Copy the entries exactly. Leave out any pictures.

Saved data entries
• • •
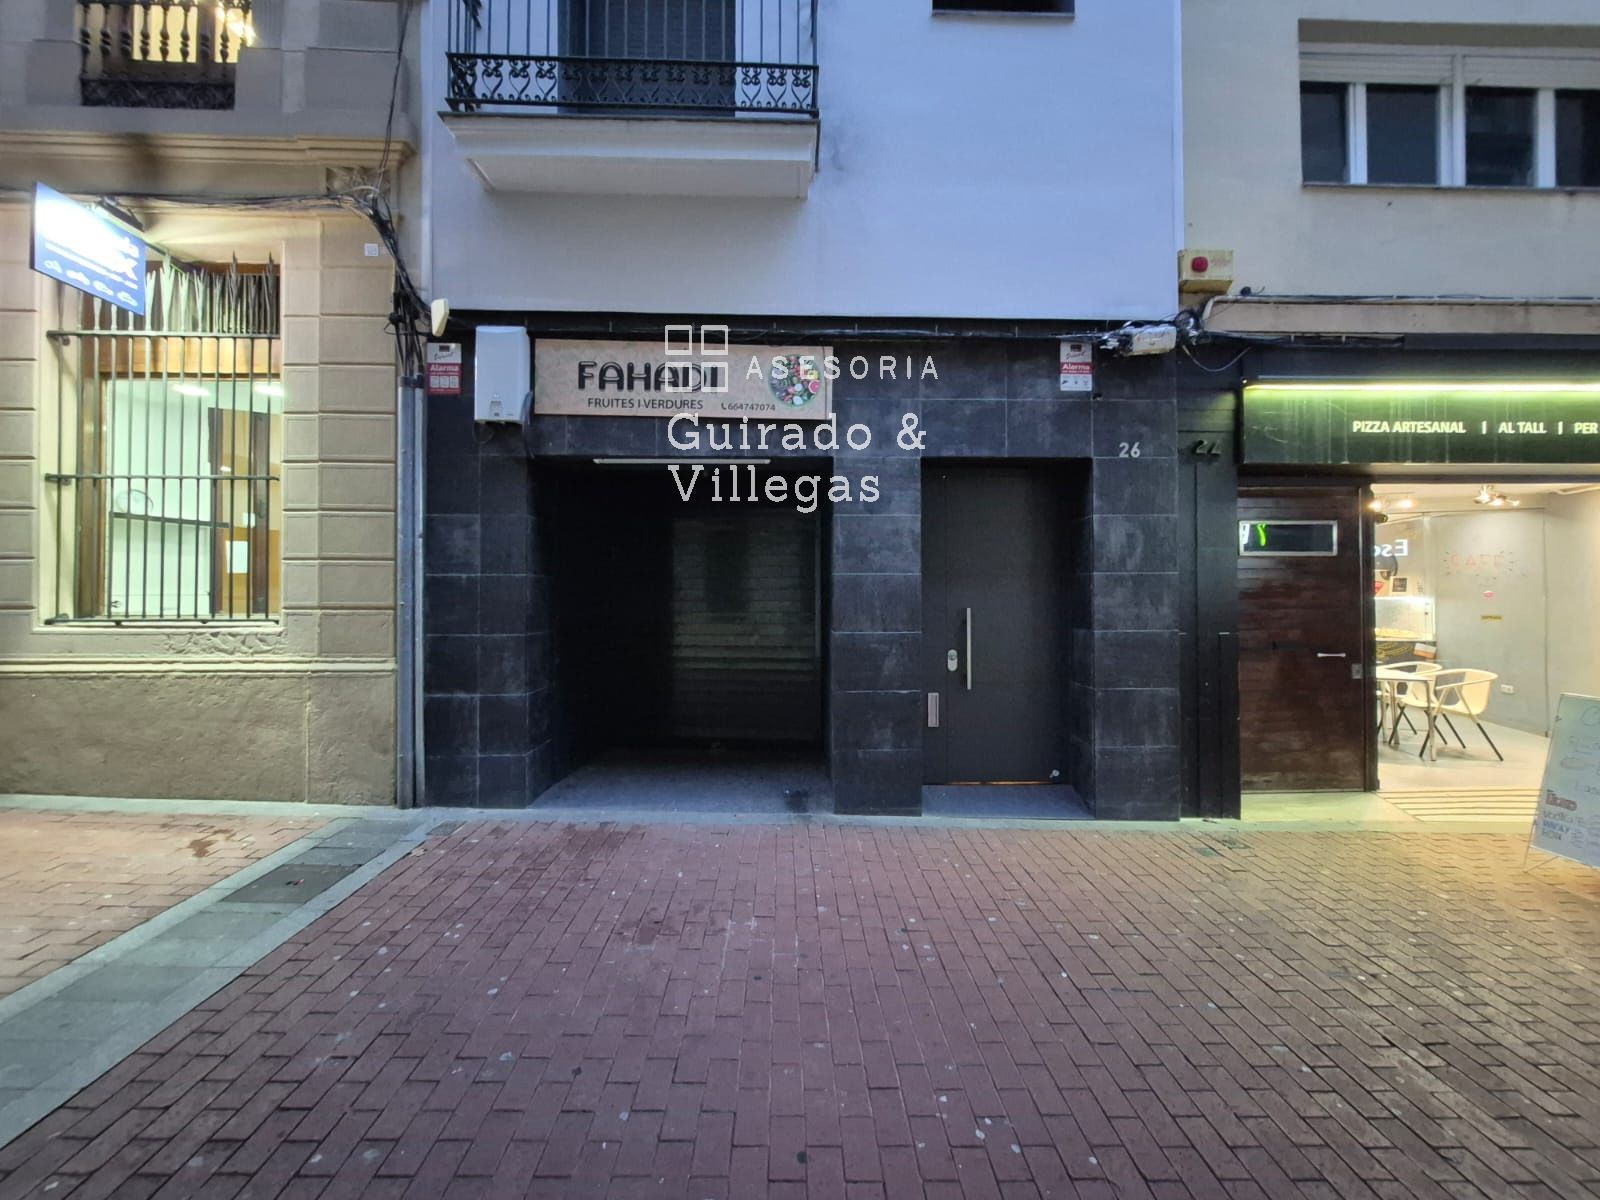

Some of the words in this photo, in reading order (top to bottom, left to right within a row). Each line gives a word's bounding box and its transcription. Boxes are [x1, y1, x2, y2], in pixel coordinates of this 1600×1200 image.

[1062, 363, 1090, 371] Alarma
[578, 361, 718, 392] FAHADI
[588, 398, 635, 408] FRUITES
[642, 399, 703, 410] VERDURES
[1352, 420, 1390, 433] PIZZA
[1391, 420, 1467, 434] ARTESANAL
[1498, 421, 1516, 434] AL
[1516, 421, 1548, 434] TALL
[1573, 421, 1599, 434] PER
[1119, 442, 1141, 458] 26
• • •
### YOUR RESPONSE
Some of the words in this photo, in reading order (top to bottom, left to right within a row). Each line gives a word's bounding box and its transcription. Boxes are [x1, y1, x2, y2], in pixel coordinates of this 1600×1200 image.

[1062, 363, 1090, 371] Alarma
[578, 361, 718, 392] FAHADI
[588, 398, 635, 408] FRUITES
[642, 399, 703, 410] VERDURES
[1352, 420, 1390, 433] PIZZA
[1391, 420, 1467, 434] ARTESANAL
[1498, 421, 1516, 434] AL
[1516, 421, 1548, 434] TALL
[1573, 421, 1599, 434] PER
[1119, 442, 1141, 458] 26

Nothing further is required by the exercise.